# RL Guarantees

This repository contains code for computing and plotting performance guarantees for multi-task reinforcement learning benchmarks. It includes data processing, bound computation, and publication-quality plotting utilities used for the experiments.

## Quick Start

1) Create the environment

```
pixi install
```

2) Compute guarantees for a domain

```
pixi run python experiments/compute_guarantees_batches.py env.name=ZoneEnv run=main
```

3) Plot averaged guarantees

```
pixi run python paper/plot_zones_avg.py
```

## Repository Layout

- `experiments/`: Scripts to compute guarantees and empirical safety curves.
- `paper/`: Plotting scripts and figure outputs used for the paper.
- `conf/`: Hydra configuration files.
- `src/rlg/`: Core library, bounds, and plotting utilities.
- `scripts/`: Helpers for running ablations and generating plots.
- `runs/`: Output data, logs, and CSVs created by experiments.

## Policy Training Notes

- The codebase includes training code using Brax for the MuJoCo benchmarks.
- For DeepLTL, trained policies are provided; they can also be trained using the DeepLTL codebase: https://github.com/...

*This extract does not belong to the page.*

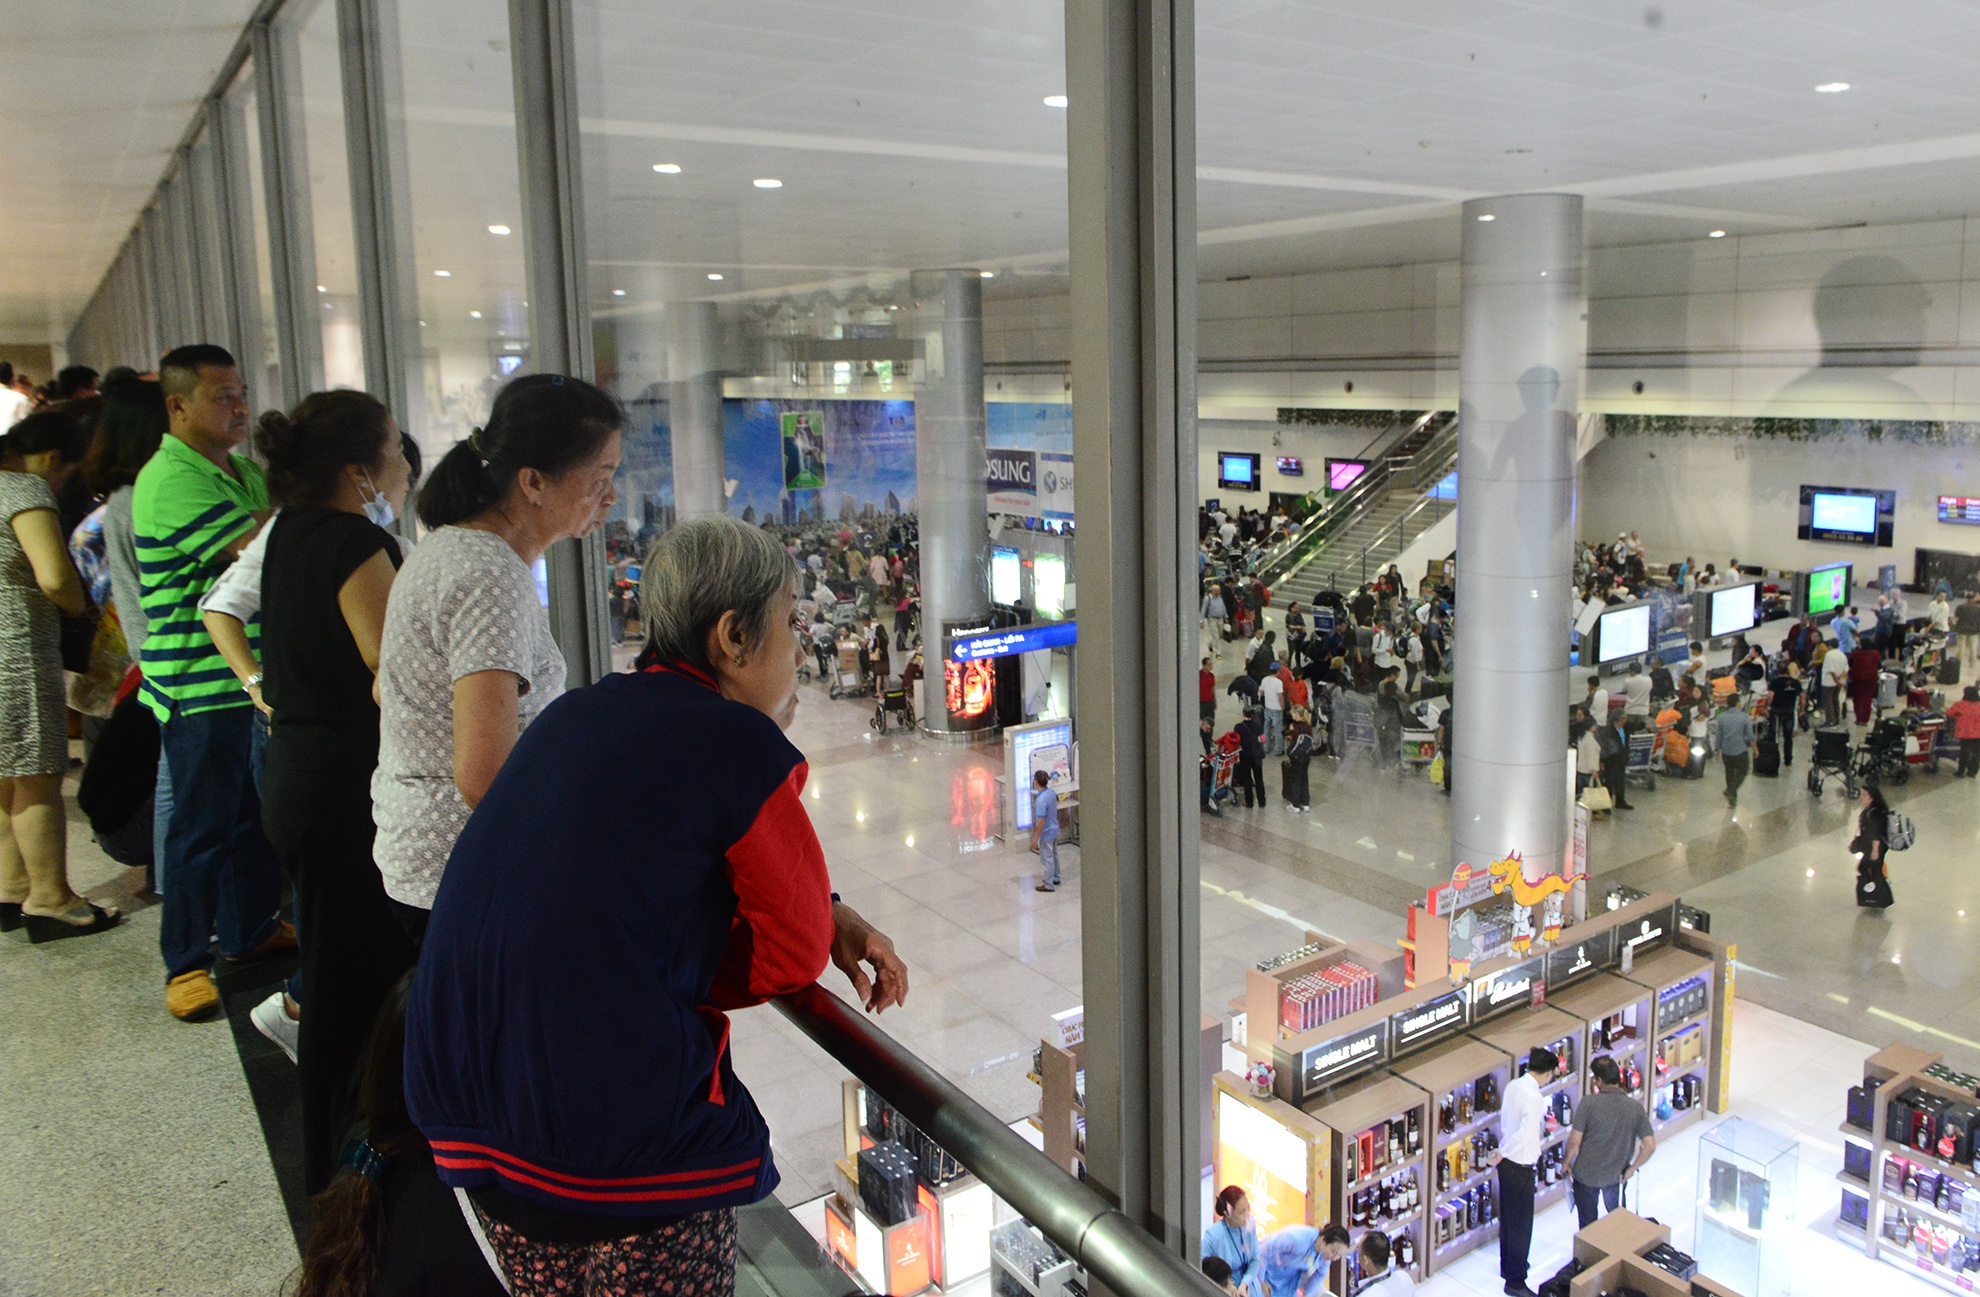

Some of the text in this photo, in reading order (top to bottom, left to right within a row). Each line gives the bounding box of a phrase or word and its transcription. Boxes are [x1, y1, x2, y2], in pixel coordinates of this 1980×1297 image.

[1402, 1000, 1460, 1034] SINGLE MALT
[1314, 1034, 1377, 1071] SINGLE MALT

### Brax training and evaluation

Train a multi-task policy (cheetah or walker):

```
pixi run python experiments/brax/train.py env.name=cheetah run=main
```

Evaluate a checkpoint to produce `episode_returns.parquet`:

```
pixi run python experiments/brax/eval.py env.name=cheetah run=main
```

Optional: render a rollout video from a checkpoint:

```
pixi run python experiments/brax/visualize.py env.name=cheetah run=main
```

All training/evaluation settings are in `conf/train_brax.yaml`, `conf/eval_brax.yaml`, and `conf/visualize_brax.yaml`.

### DeepLTL policies

Pretrained DeepLTL policies are included with the artifacts used for evaluation. To retrain, use the DeepLTL codebase (https://deep-ltl.github.io/).

## Main Experiments

### Compute guarantees

The core experiment computes guarantees for batches of tasks and episodes.

```
pixi run python experiments/compute_guarantees_batches.py env.name=ZoneEnv run=main
```

Key options are controlled through Hydra overrides:

- `guarantees.bound` (e.g., `clopper-pearson`, `hoeffding`, `dkw`, `bernstein`)
- `guarantees.batch_size` (tasks per batch)
- `guarantees.num_batches`
- `guarantees.num_episodes`

### Plot averaged curves

Use the plotting scripts in `paper/` to visualize mean bounds with confidence bands and empirical safety:

```
pixi run python paper/plot_zones_avg.py
pixi run python paper/plot_walker_avg.py
pixi run python paper/plot_cheetah_avg.py
```

These scripts accept optional environment variables for selecting task/episode combinations:

- `PLOT_NUM_TASKS` and `PLOT_NUM_EPISODES` for a single curve
- `PLOT_COMBOS` for multiple curves, e.g. `50x100,100x300,200x1000`

### Bound comparison ablations

To compare bounds (Hoeffding/DKW/Bernstein) at fixed $(\beta,\delta)$:

```
pixi run python scripts/ablate_bounds.py --env ZoneEnv --run main \
  --combos 50x100,100x300,200x1000 \
  --bounds hoeffding,dkw,bernstein \
  --beta 1e-4 --delta 1e-2
```

Plots are saved under:

```
paper/plots/ablations/<env>/bounds_beta<...>_delta<...>/
```

### Beta/Delta ablations

To sweep over $(\beta,\delta)$ combinations and generate organized outputs:

```
pixi run python scripts/ablate_beta_delta.py --env ZoneEnv --run main \
  --combos 50x100,100x300,200x1000 \
  --beta-delta '1e-4,1e-1;1e-4,1e-2;1e-6,1e-1;1e-6,1e-2;1e-6,1e-3'
```

## Reproducibility

- All experiments are driven by Hydra configs in `conf/`.
- Outputs are stored in `runs/<env>/eval/<run>/`.
- Plot scripts are deterministic given the generated CSVs.